Pain, joy, frustration, grief, pride, fear, happiness, emptiness, hope.........these are only a few of the emotions that have enveloped us over the past eight weeks.

Pain and frustration, but also hope. I very calmly and confidently walked into the Eye Institute for my eye surgery two weeks ago, fully expecting it to be a fairly painless and routine operation. Fifteen minutes into the surgery, it seemed that the specialist was hacking away at my eyeball with a dull, serrated breadknife. A little later, upon questioning he confirmed my worst fears - he WAS actually sewing me back up and I was able to feel every stitch. The pain that followed as he pressed firmly with a Q-tip, was only the beginning of a seemingly long and somewhat frightening road to recovery, especially as I had expected to be back on my feet in a day or two. I now understand that I have to be patient for another four to six weeks before the pain will totally subside and my vision equalises. As I left the surgeon's office on my final visit, he smiled and said "see you next summer". Only time will tell whether I will be willing to subject a second eye to the same treatment. - perhaps an extra dose of anaesthetic would be in order!!

Grief and emptiness, but also pride. Last week on a sunny, fall morning, we visited the Herb Garden and again spread some of Mike's ashes in a few special spots - beside the pond where he used to skate and where his dog Jem is buried; under the infamous tree-house that he and his friend Russ built; and on a hill overlooking the beautiful gardens and the lawn that he spent many hours mowing. We had hoped that a small plane might fly overhead as we scattered the ashes. This didn't happen, but just after leaving the farm a jet appeared in the clear blue sky, with its white contrails visible for miles. Another crossed the first, and we pulled off the road to watch in awe as a total of ten jets crossed the sky leaving their perfectly formed contrails in what appeared to be a final pilots' salute. Our tears flowed like rivers.

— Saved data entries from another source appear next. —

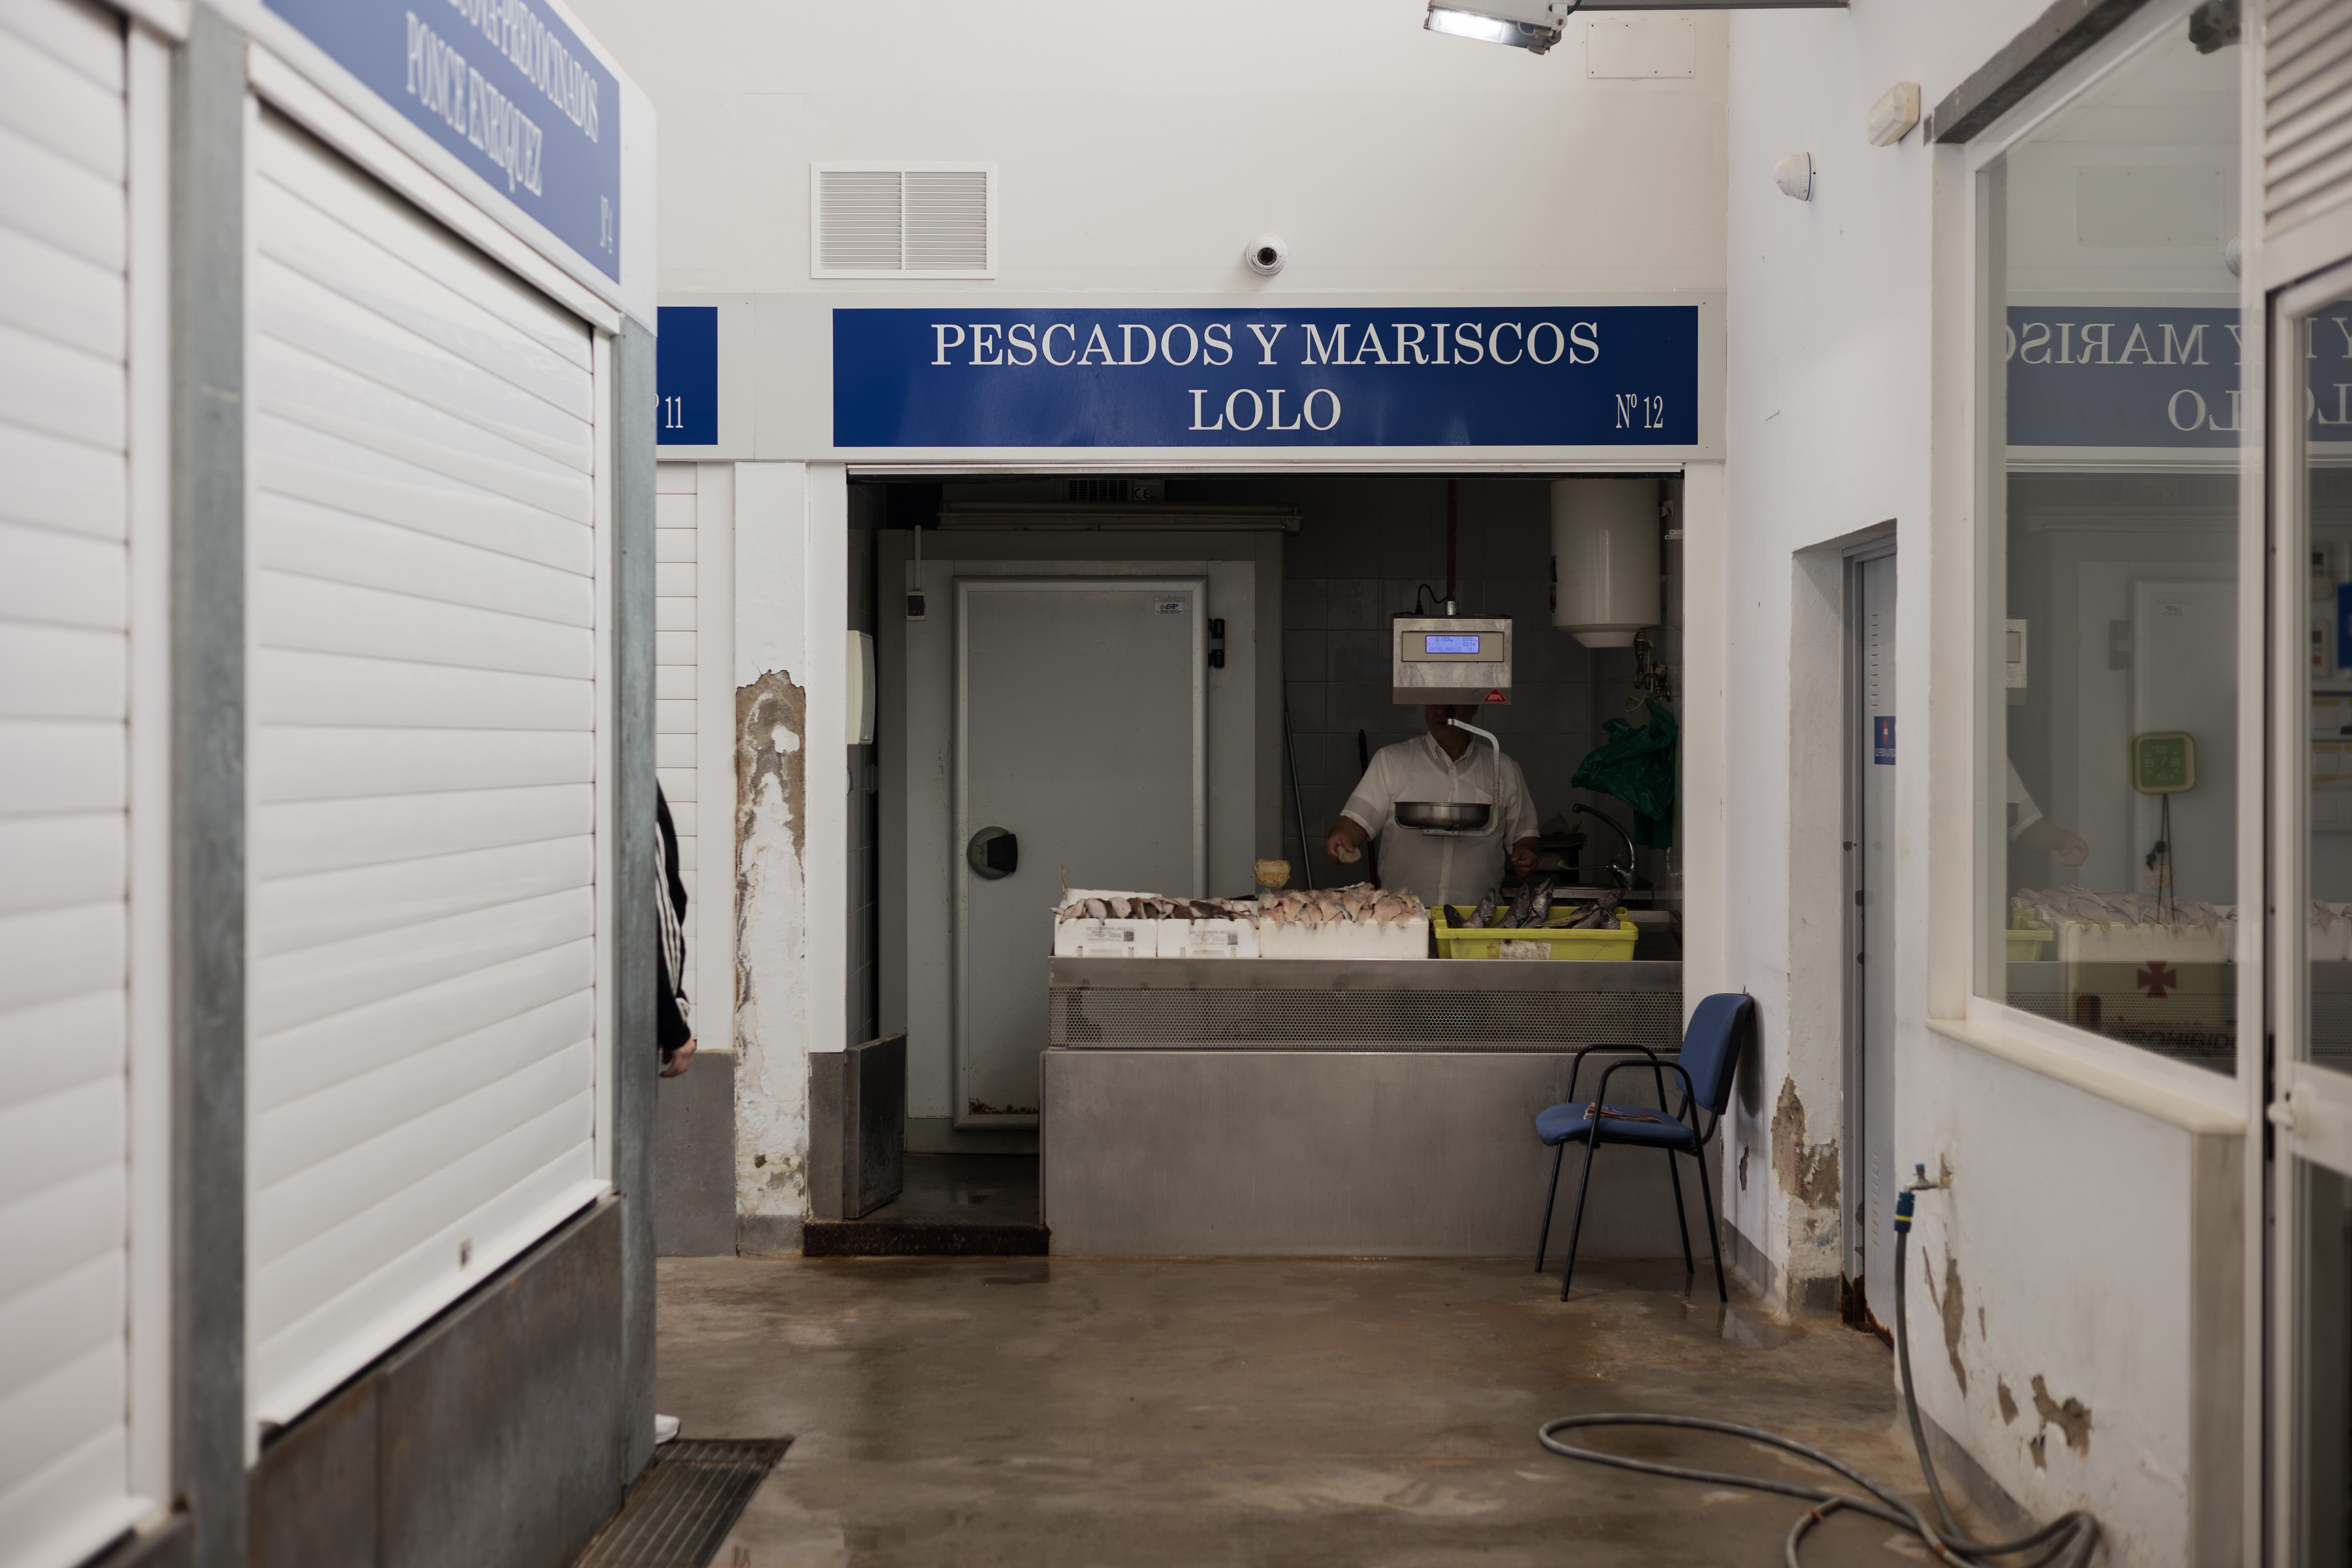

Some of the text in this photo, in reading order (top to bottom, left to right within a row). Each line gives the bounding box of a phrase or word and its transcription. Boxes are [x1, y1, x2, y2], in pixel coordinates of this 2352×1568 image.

[406, 10, 542, 197] PONCE ENRIQUEZ
[931, 322, 1599, 365] PESCADOS Y MARISCOS
[665, 396, 683, 428] 11
[1188, 389, 1341, 431] LOLO
[1616, 393, 1663, 428] Nº 12
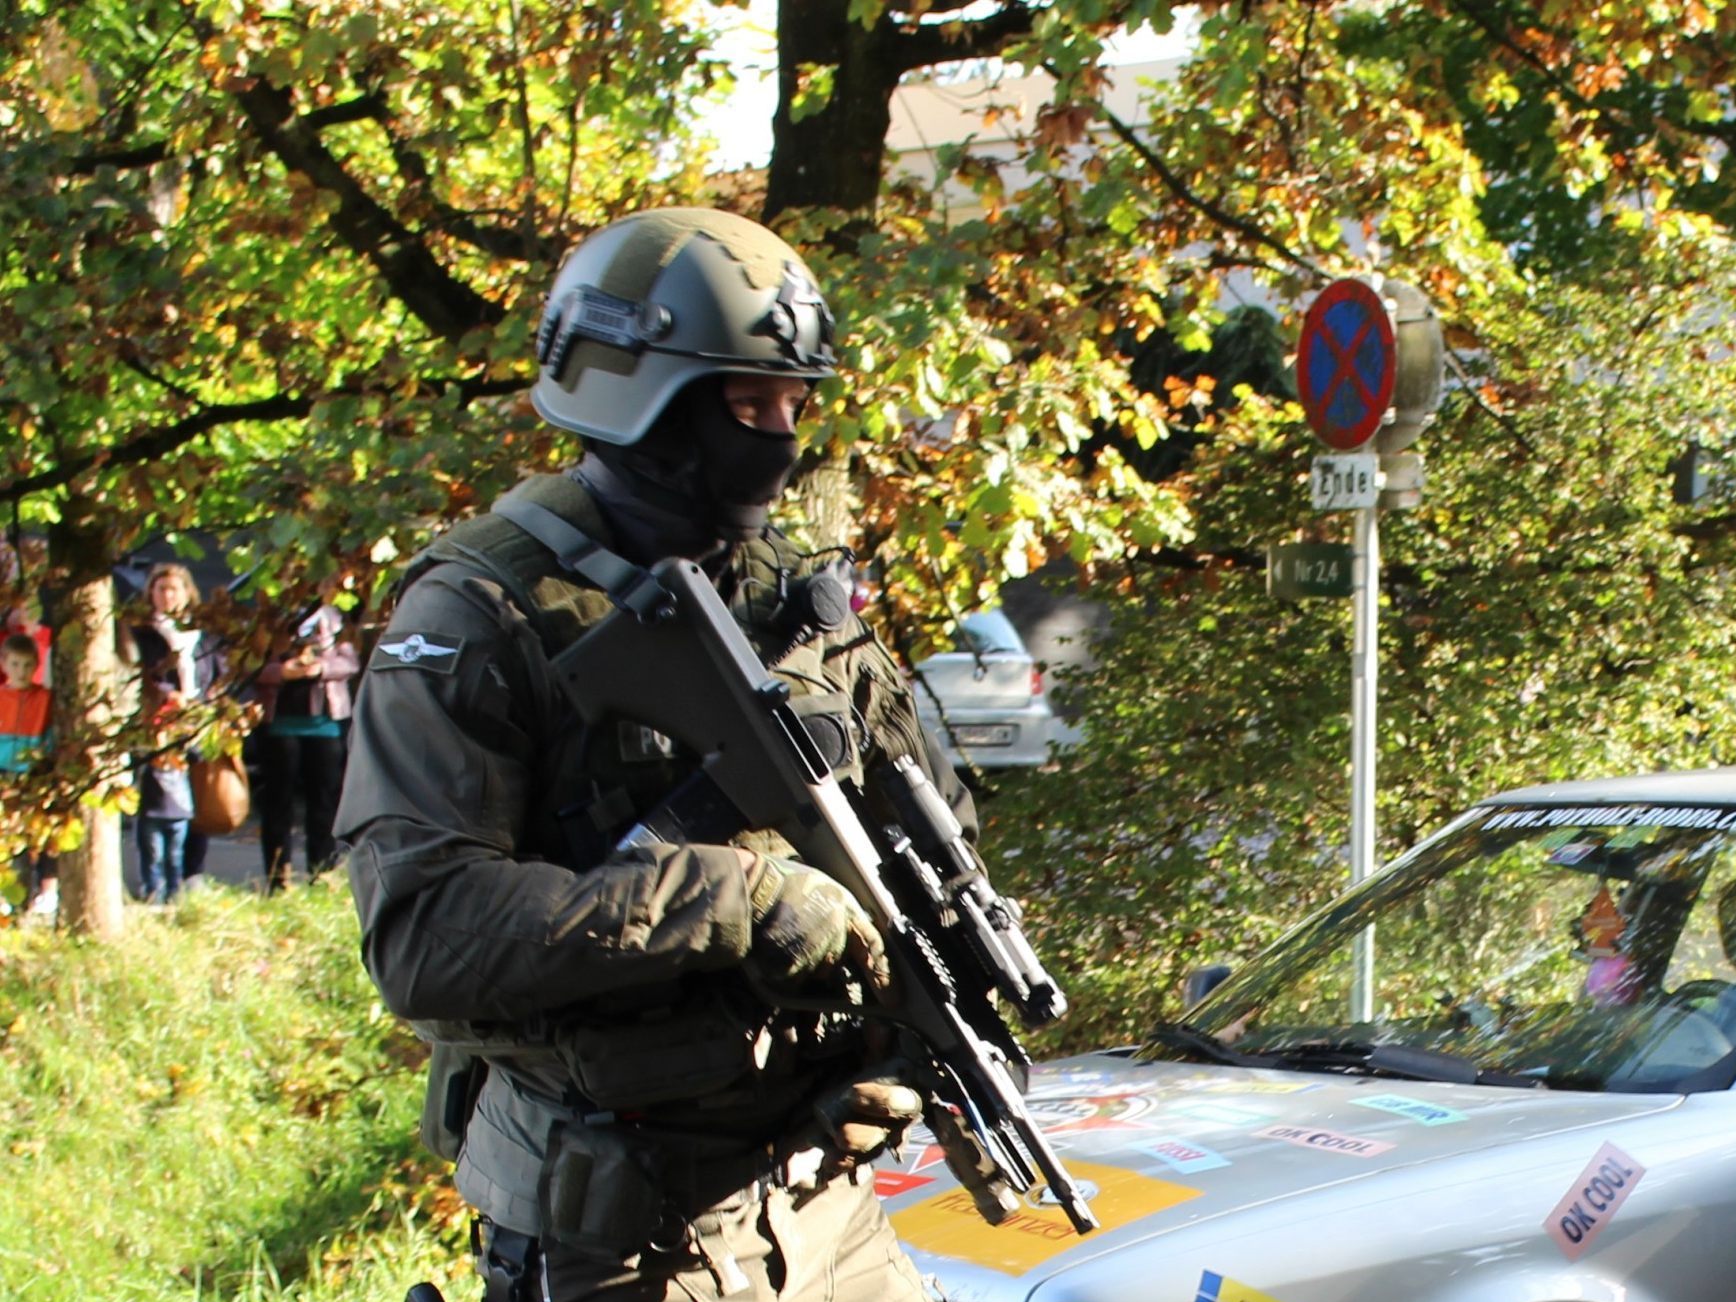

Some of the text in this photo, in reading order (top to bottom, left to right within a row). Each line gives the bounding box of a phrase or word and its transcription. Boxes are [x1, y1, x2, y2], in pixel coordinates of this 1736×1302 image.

Yes, the past two months have been a roller coaster of emotions, but we are left with the comfort that our multitudinous circles of families and friends will continue to help us through any difficult times ahead - after all, we are only an e-mail away. We have thoroughly appreciated all the offers of places to stay, cars to use, dinner, lunch and tea invitations. But now it's time for us to return home - to our little camper van that has given us so much pleasure. It's time for us to be alone and to try to build a new life without Mike, although his spirit will be with us always. We will be in Lima, Peru tonight, and are scheduled to fly to Cuzco to pick up our van tomorrow afternoon. The trip will not be the same as it might have been, and our TravelPod entries will no doubt be a bit subdued for awhile, but we thank you all for your patience, your support and your love.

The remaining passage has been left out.